Gabel, H. W., Kinde, B., Stroud, H., Gilbert, C. S., Harmin, D. A., Kastan, N. R., et al. (2015). Disruption of DNA-methylation-dependent long gene repression in Rett syndrome. Nature. doi: 10.1038/nature14319
This new study may accelerate research on finding useful treatments for treating both Rett syndrome and MECP2 Duplication syndrome. It has been well-established that the MECP2 gene plays an important role in promoting the expression of some genes and inhibiting the expression of others. Now researchers have found that while it affects many genes, it has a greater impact on long gene expression.
In Rett syndrome these long genes are overexpressed and in MECP2 duplication syndrome, they are underexpressed. These genes play an important part in brain function and likely in other physiological functions, too. Interestingly, about 50 genes have previously been linked to autism and these are among this group of long genes.
This may be an important finding, although there is some reason for caution. While this finding appears to be clear, it does not mean that this is the ONLY or even the MOST IMPORTANT role that MECP2 plays. That remains to be seen, but it does appear to be an important role for MECP2.
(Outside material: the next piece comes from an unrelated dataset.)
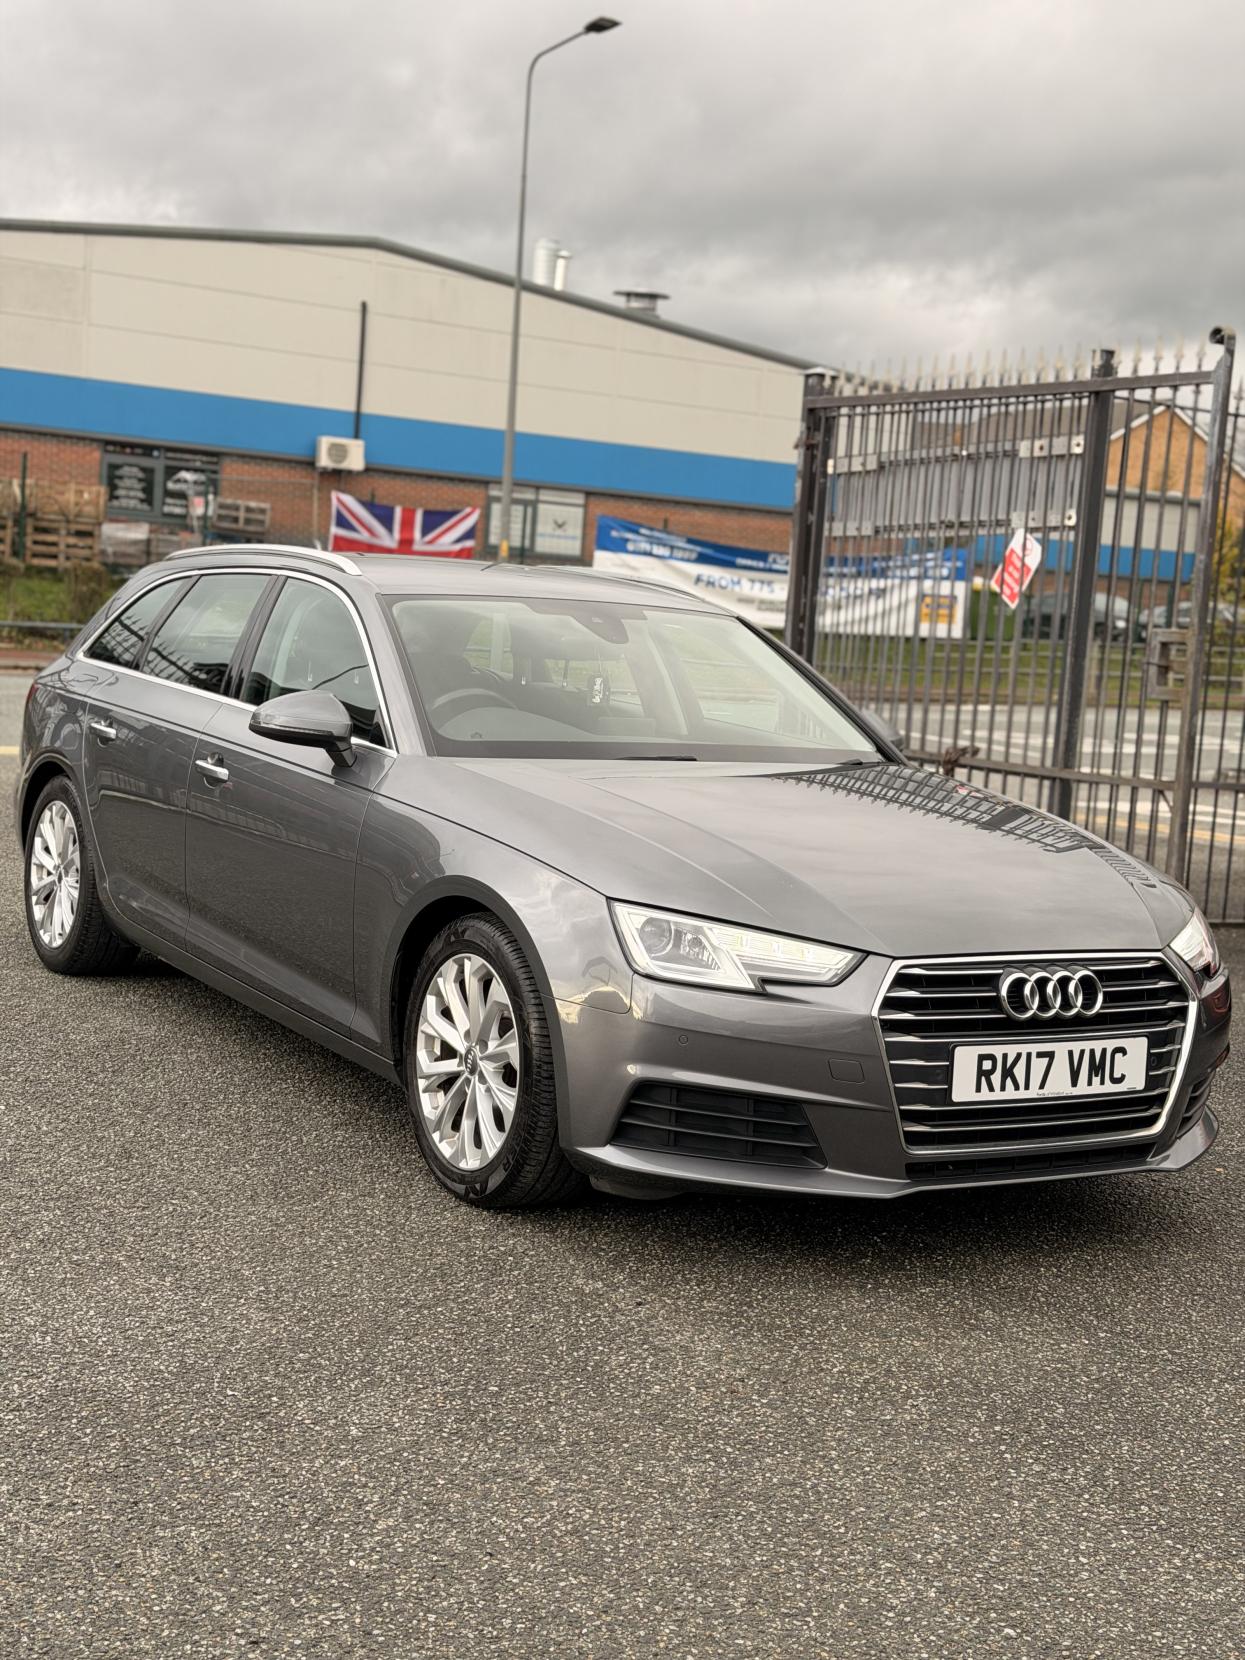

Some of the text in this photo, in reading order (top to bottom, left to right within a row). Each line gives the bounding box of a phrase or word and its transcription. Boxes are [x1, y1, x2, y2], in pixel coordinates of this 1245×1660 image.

[694, 573, 742, 592] FROM
[975, 1046, 1128, 1093] RK17 VMC
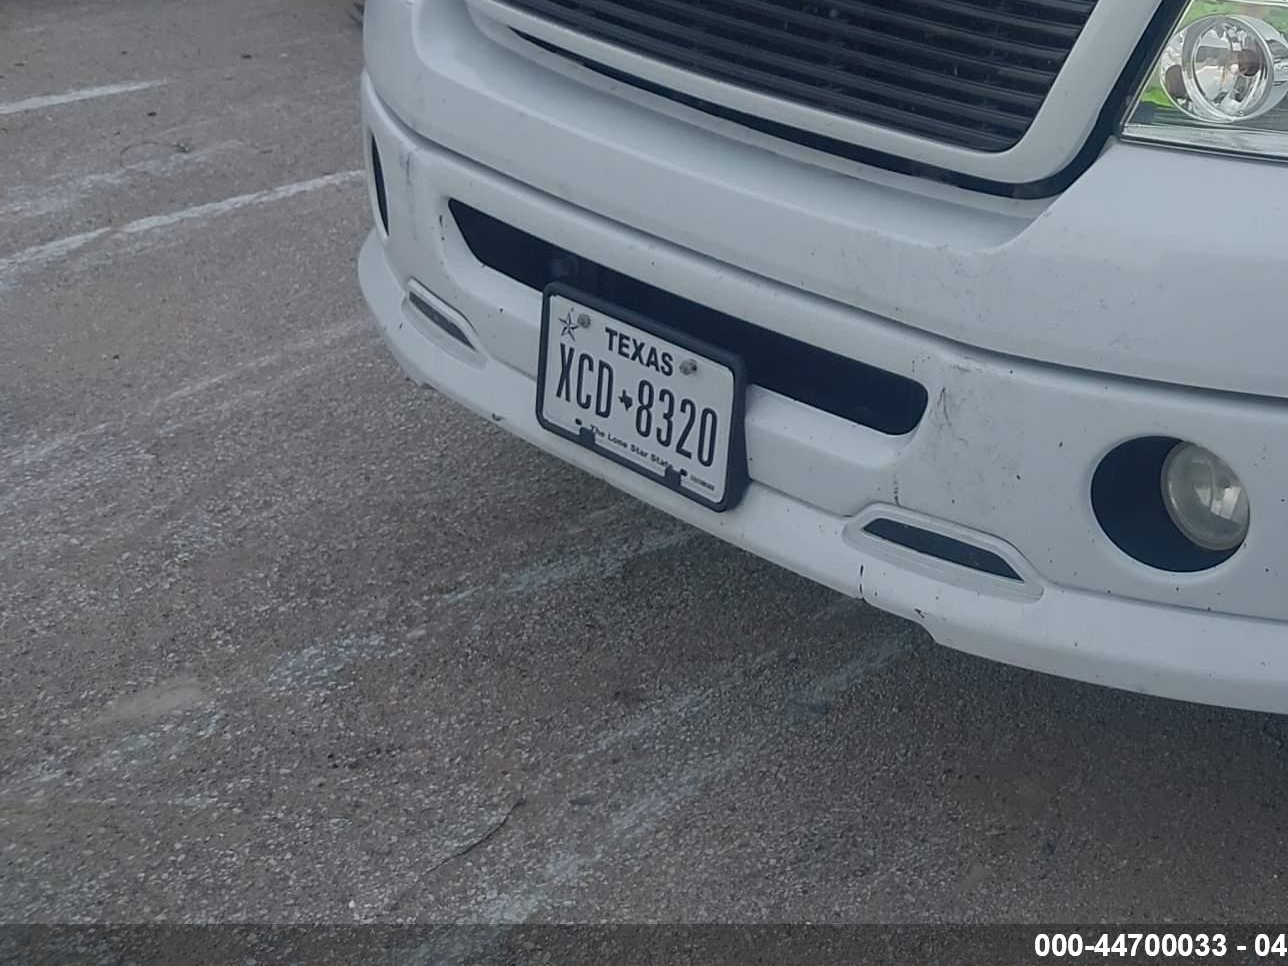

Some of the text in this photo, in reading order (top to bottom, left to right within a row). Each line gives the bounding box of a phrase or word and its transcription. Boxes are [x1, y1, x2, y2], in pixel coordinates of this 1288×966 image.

This has the potential to advance research toward another treatment strategy. For MECP2 Duplication, it may mean that even if the gene can’t be inhibited, and the protein it produces blocked, there may be other drugs that can help increase long-gene expression. Perhaps some of these drugs might already exist.
Whether or not this finding turns out to be a real game changer remains to be seen, but it could turn out to be a step forward. Let’s hope so!